▶ Exercise directions
Once the pictures have been removed, repeat the remainder of the records exactly.

▶ Records to use
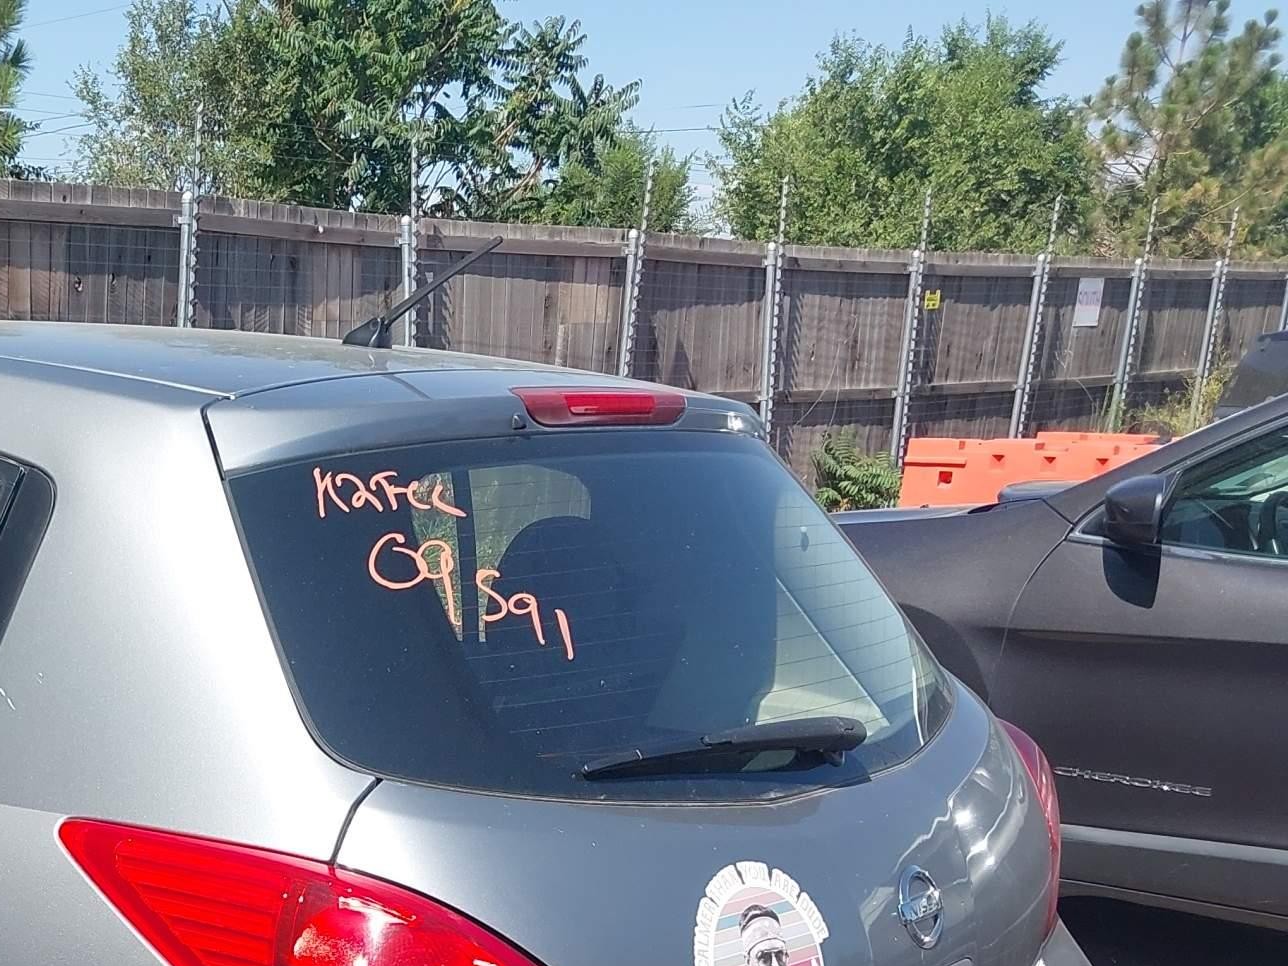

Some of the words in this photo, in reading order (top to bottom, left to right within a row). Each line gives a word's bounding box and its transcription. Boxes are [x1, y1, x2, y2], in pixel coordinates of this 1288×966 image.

[1053, 766, 1213, 797] CHEROKEE
[774, 873, 799, 899] ARE
[799, 897, 827, 939] DUDE
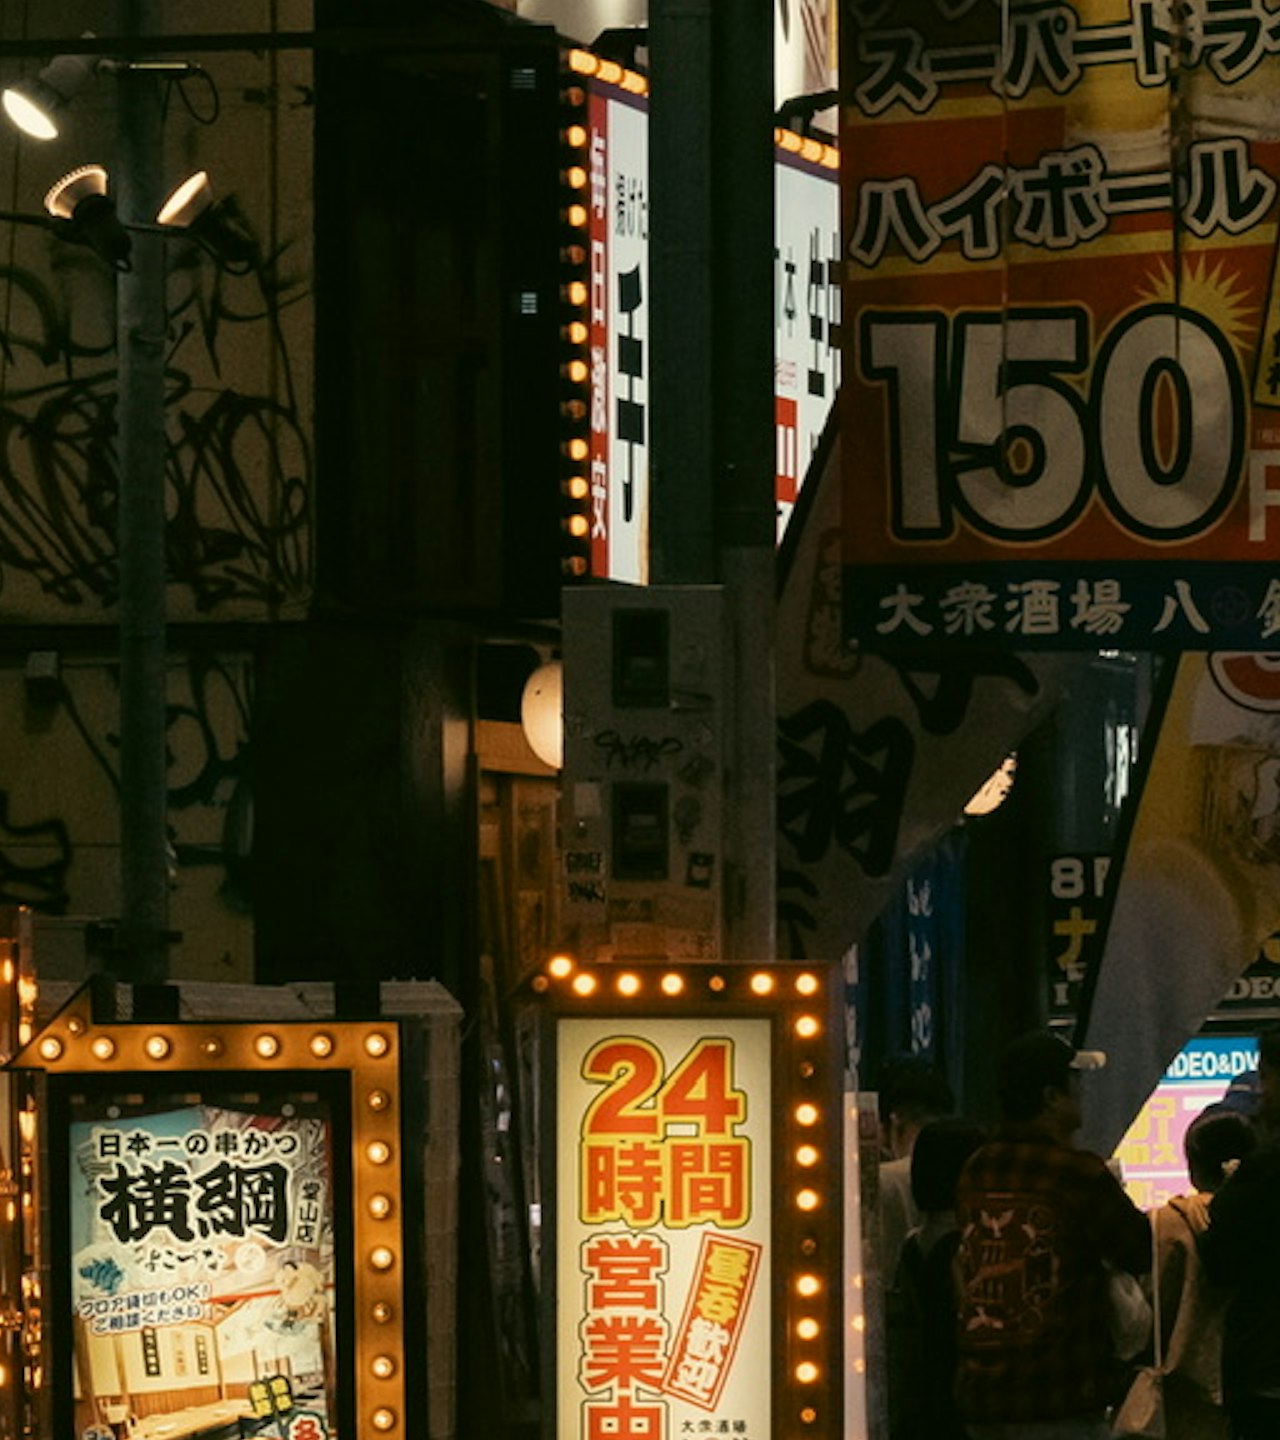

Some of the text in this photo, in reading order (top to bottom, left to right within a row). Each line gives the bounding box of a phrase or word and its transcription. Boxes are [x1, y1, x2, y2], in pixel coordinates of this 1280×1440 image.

[849, 137, 1280, 266] ハイボール
[875, 578, 1133, 637] 大衆酒場
[99, 1132, 298, 1157] 日本一の串かつ
[99, 1160, 289, 1244] 横綱

▶ Exercise result
Some of the words in this photo, in reading order (top to bottom, left to right within a row). Each line gives a word's bounding box and its transcription. Boxes are [x1, y1, x2, y2], in pixel coordinates of this 1288×966 image.

[1053, 766, 1213, 797] CHEROKEE
[774, 873, 799, 899] ARE
[799, 897, 827, 939] DUDE

Some of the text in this photo, in reading order (top to bottom, left to right within a row). Each line gives the bounding box of a phrase or word and its transcription. Boxes are [x1, y1, x2, y2], in pixel coordinates of this 1280×1440 image.

[849, 137, 1280, 266] ハイボール
[875, 578, 1133, 637] 大衆酒場
[99, 1132, 298, 1157] 日本一の串かつ
[99, 1160, 289, 1244] 横綱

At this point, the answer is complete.